*Action item:*
Your copy must hold every line of the records word for word. It must hold no pictures.

--

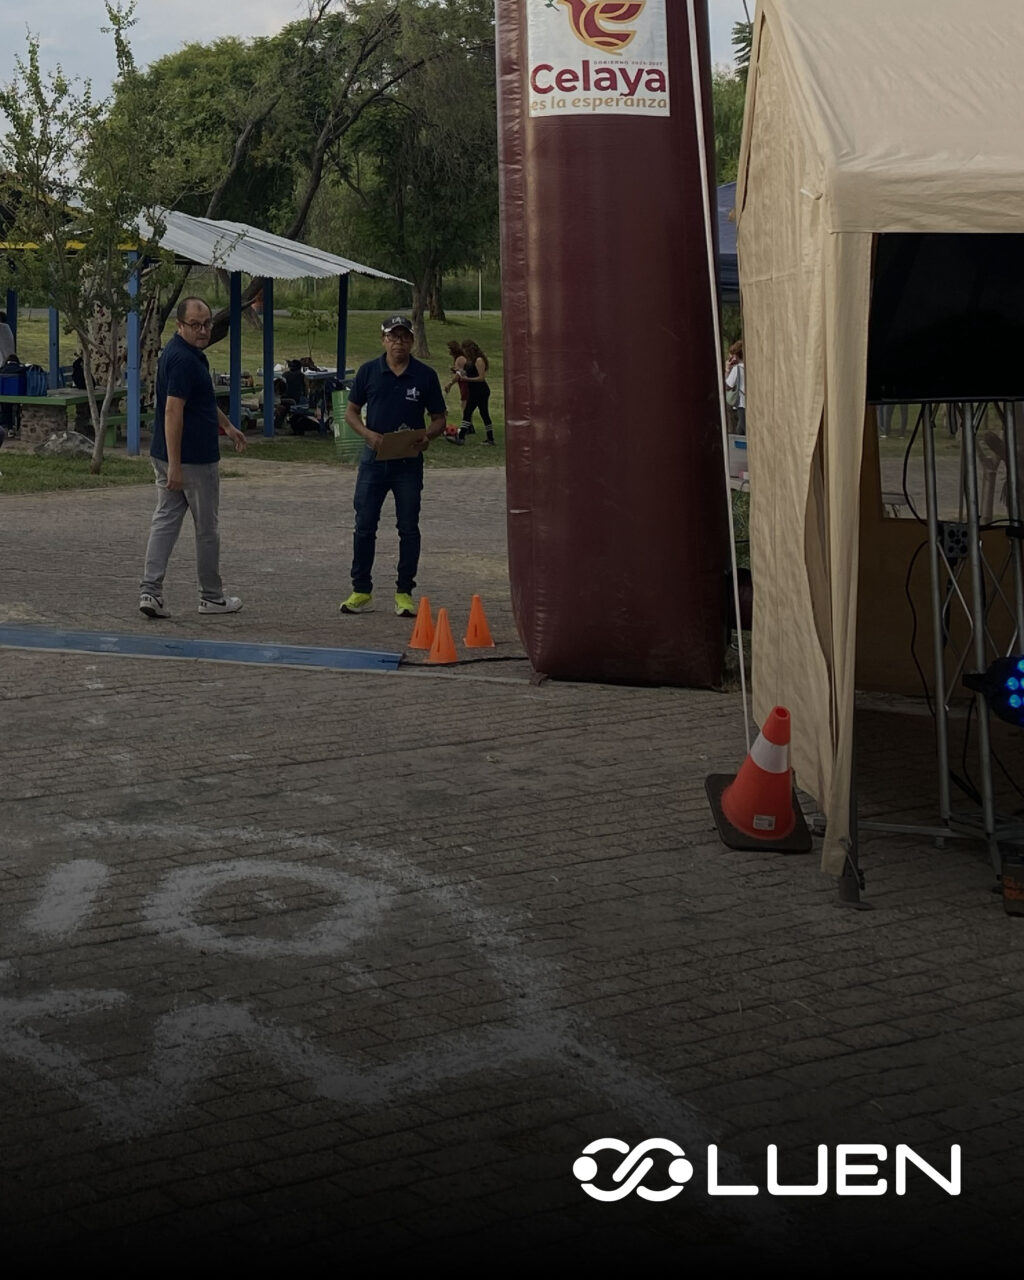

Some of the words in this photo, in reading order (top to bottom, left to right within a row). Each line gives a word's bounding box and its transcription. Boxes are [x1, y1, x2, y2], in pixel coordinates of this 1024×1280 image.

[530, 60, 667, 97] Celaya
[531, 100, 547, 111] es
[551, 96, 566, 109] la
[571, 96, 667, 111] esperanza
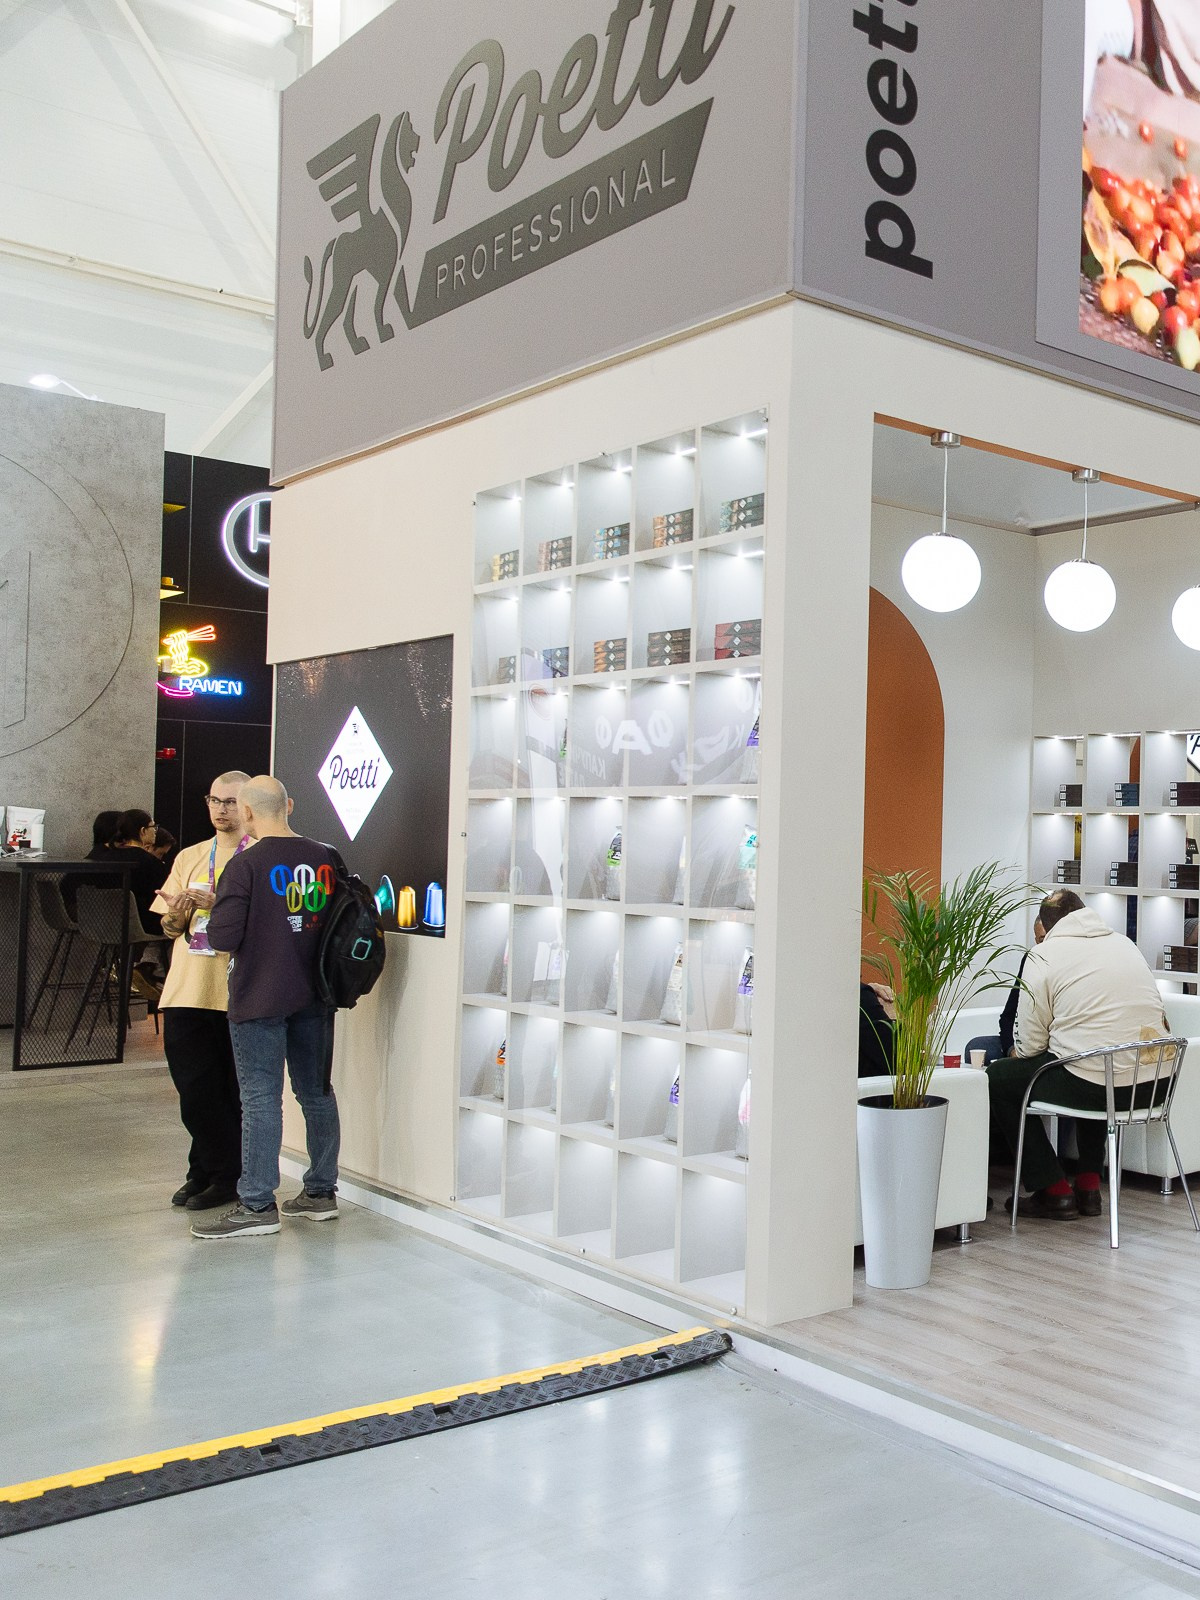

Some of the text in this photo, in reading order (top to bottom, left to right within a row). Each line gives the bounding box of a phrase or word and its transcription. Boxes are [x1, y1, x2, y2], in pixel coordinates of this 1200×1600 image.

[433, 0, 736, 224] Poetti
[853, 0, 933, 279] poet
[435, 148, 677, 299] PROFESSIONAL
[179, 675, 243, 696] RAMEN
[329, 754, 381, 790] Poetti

--

*Final answer:*
Some of the words in this photo, in reading order (top to bottom, left to right within a row). Each line gives a word's bounding box and its transcription. Boxes are [x1, y1, x2, y2], in pixel coordinates of this 1024×1280 image.

[530, 60, 667, 97] Celaya
[531, 100, 547, 111] es
[551, 96, 566, 109] la
[571, 96, 667, 111] esperanza

Some of the text in this photo, in reading order (top to bottom, left to right within a row). Each line gives the bounding box of a phrase or word and its transcription. Boxes are [x1, y1, x2, y2], in pixel coordinates of this 1200×1600 image.

[433, 0, 736, 224] Poetti
[853, 0, 933, 279] poet
[435, 148, 677, 299] PROFESSIONAL
[179, 675, 243, 696] RAMEN
[329, 754, 381, 790] Poetti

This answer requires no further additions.